When Good Friday is just okay

I have a problem with Good Friday.

Heres the question: Have we, as citizens of one of the most powerful empires the earth has ever seen, lost the good-ness of Good Friday? Would Good Friday seem more good to me if I wasnt part of the 20% of the world population that consumes 80% of earths resources?

Dont get me wrong, I understand why Good Friday is good. But Good Friday forces me to confront my affluence and challenge my own theology. I cant help but wonder if the goodness is getting harder to see through the building fog of wealth, excess, and power on our collective glasses. This fog on our glasses and the inherent goodness Good Friday are, I believe, inversely proportional.

This means that for most of us, Good Friday is just okay. We have money, we have homes, we have jobs, we have families, we have status in the world, and we have security. While these things may feel good, they are not capital-g Good.

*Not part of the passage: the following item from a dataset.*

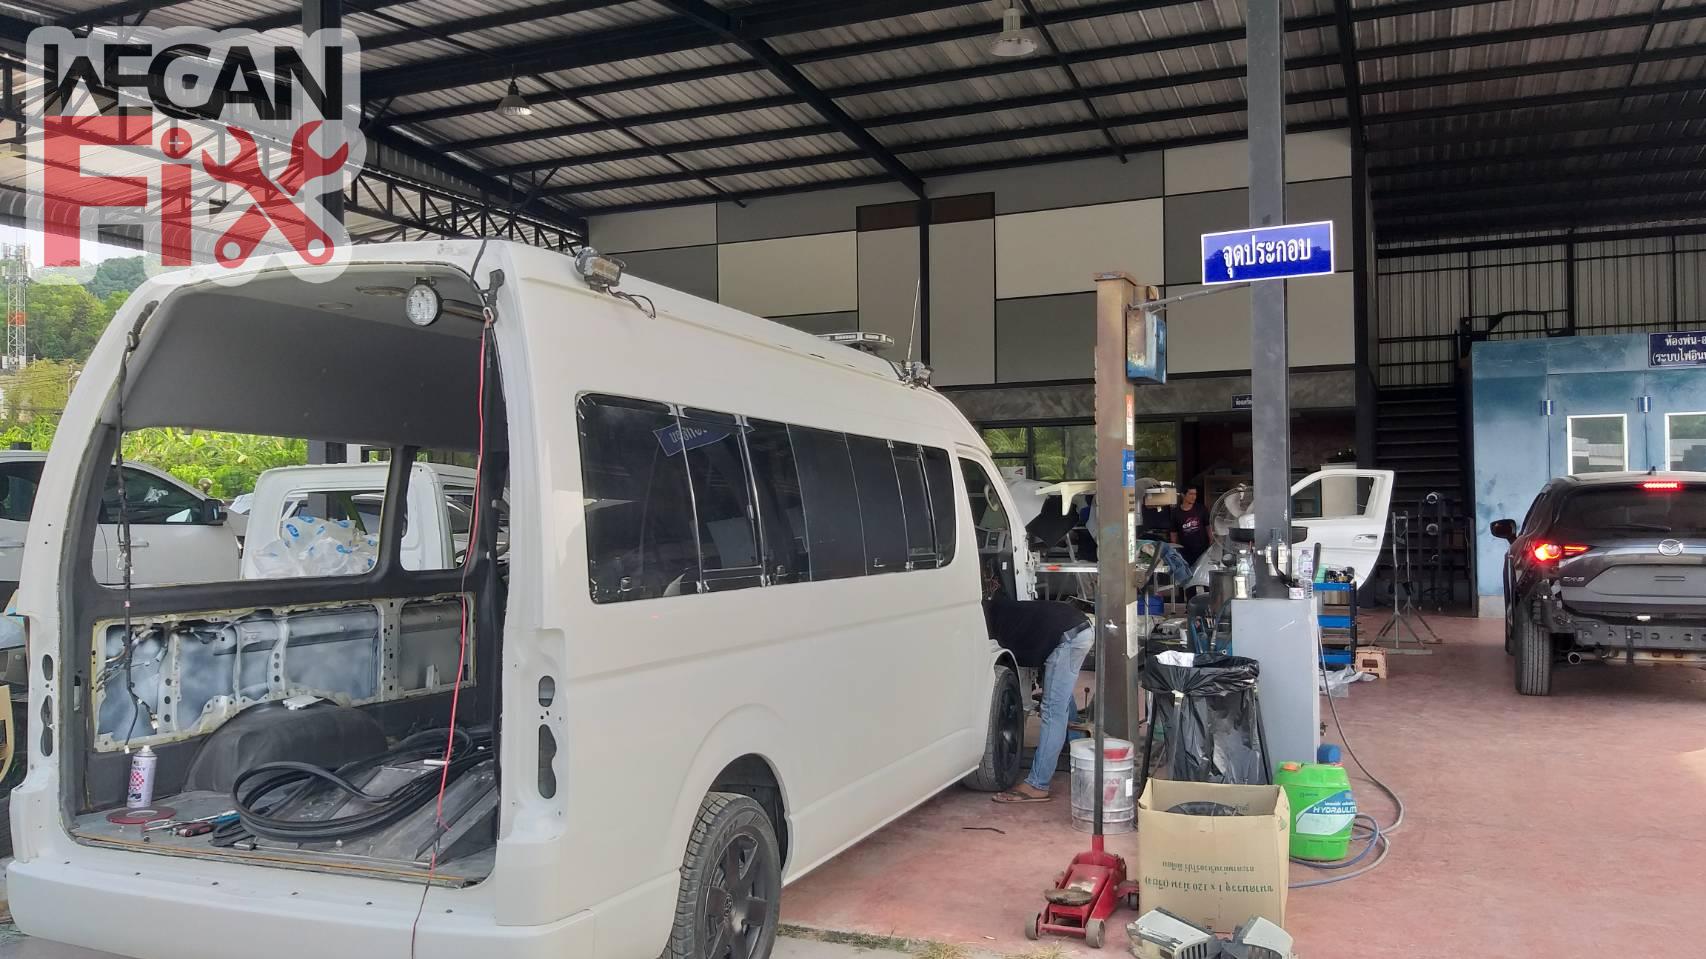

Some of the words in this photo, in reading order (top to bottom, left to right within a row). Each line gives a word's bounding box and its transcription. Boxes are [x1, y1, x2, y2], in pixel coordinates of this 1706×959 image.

[1222, 234, 1312, 279] จุดประกอบ
[1192, 882, 1208, 891] 120
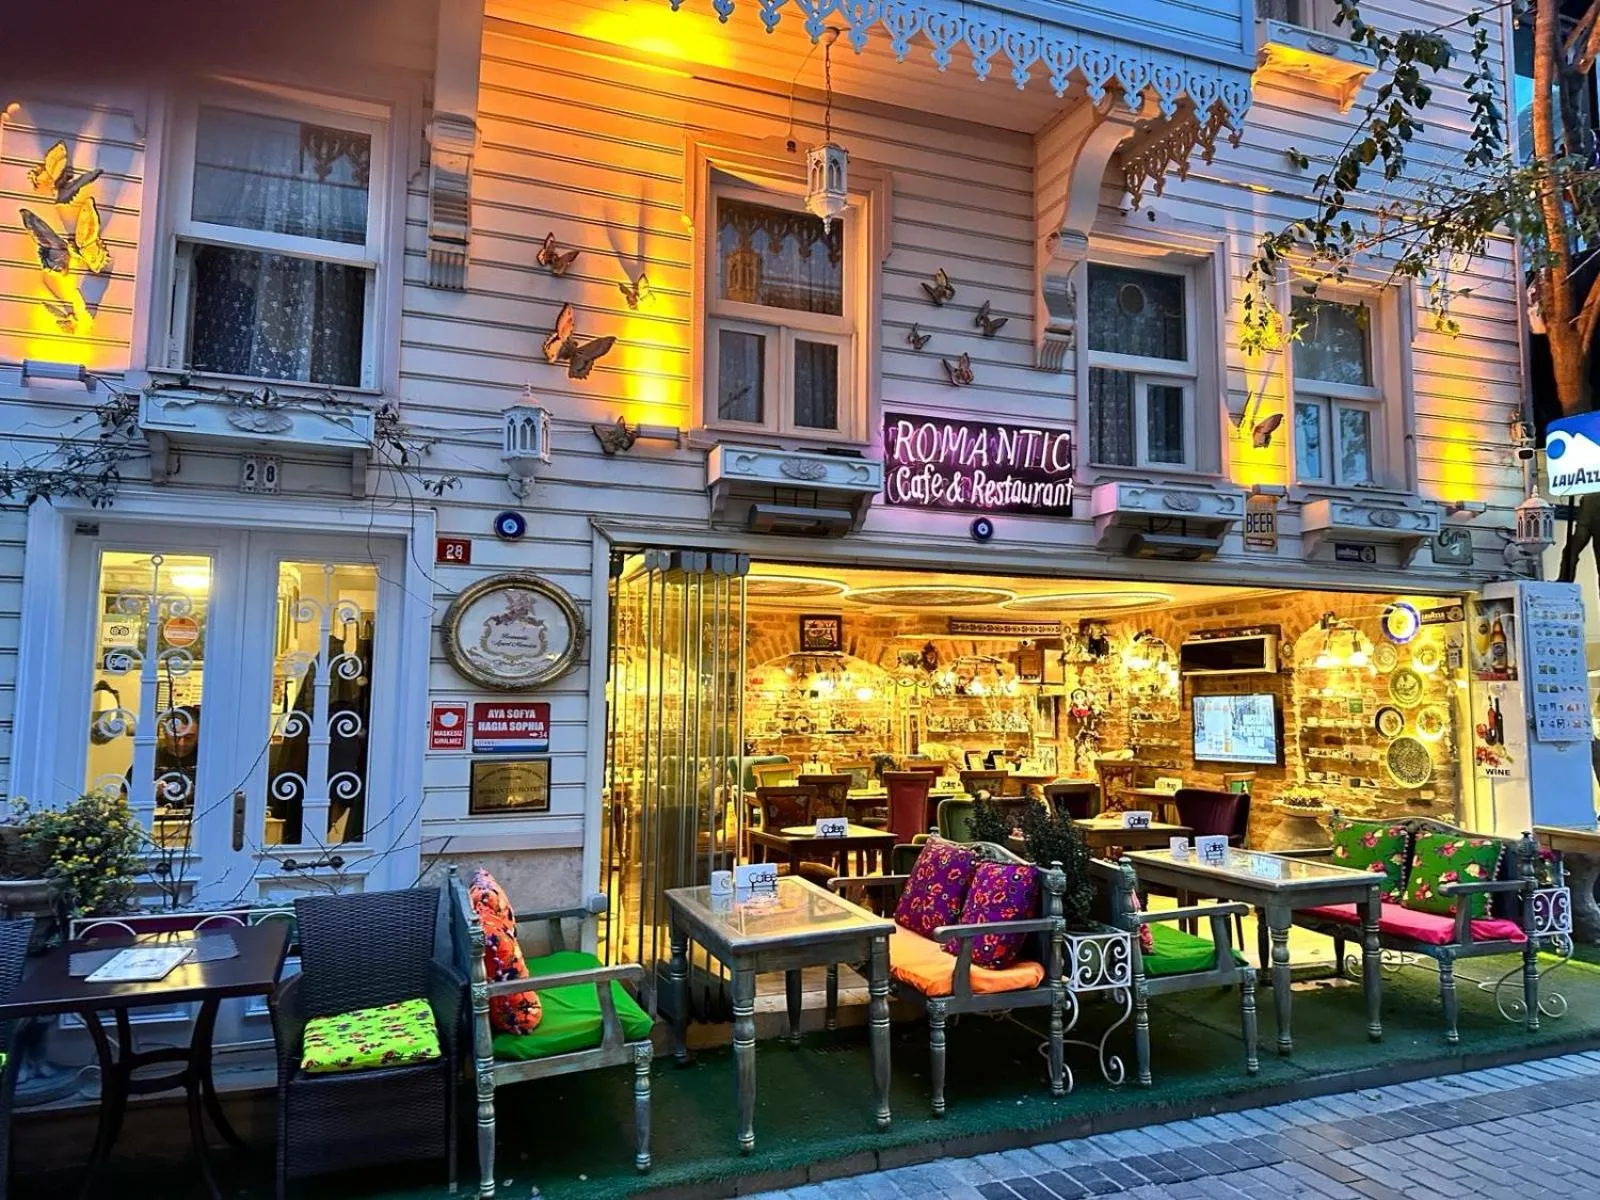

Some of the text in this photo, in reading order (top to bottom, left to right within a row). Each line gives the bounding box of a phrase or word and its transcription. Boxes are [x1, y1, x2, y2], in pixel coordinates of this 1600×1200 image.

Heres what one theologian has to say:

We take comfort…that we are citizens of the greatest, most powerful nation in the history of the world. Doing so, we are tempted to support exercises of American might and wealth that may be unjust but are assumed to be necessary to secure our nation’s power. To be a citizen of such a nation at least suggests our lives will not be forgotten. When the history of history is written, America, like Rome, cannot be forgotten; as Americans we will have a place in history. Is it any wonder that a people so formed believe that what is happening in this man Jesus’ life is something about our significance? Is it any wonder that we find the lean and gaunt account of the life and crucifixion of Christ so unsatisfying? - Stanley Hauerwas, Cross-Shattered Christ: Meditations on the Seven Last Words, 41-42 (ht)

May we look past our own hedonistic desires to see a truly satisfying Christ on the cross; the One who is tremendously Good for the whole world.

What are your thoughts? What does it mean to say that this day is Good?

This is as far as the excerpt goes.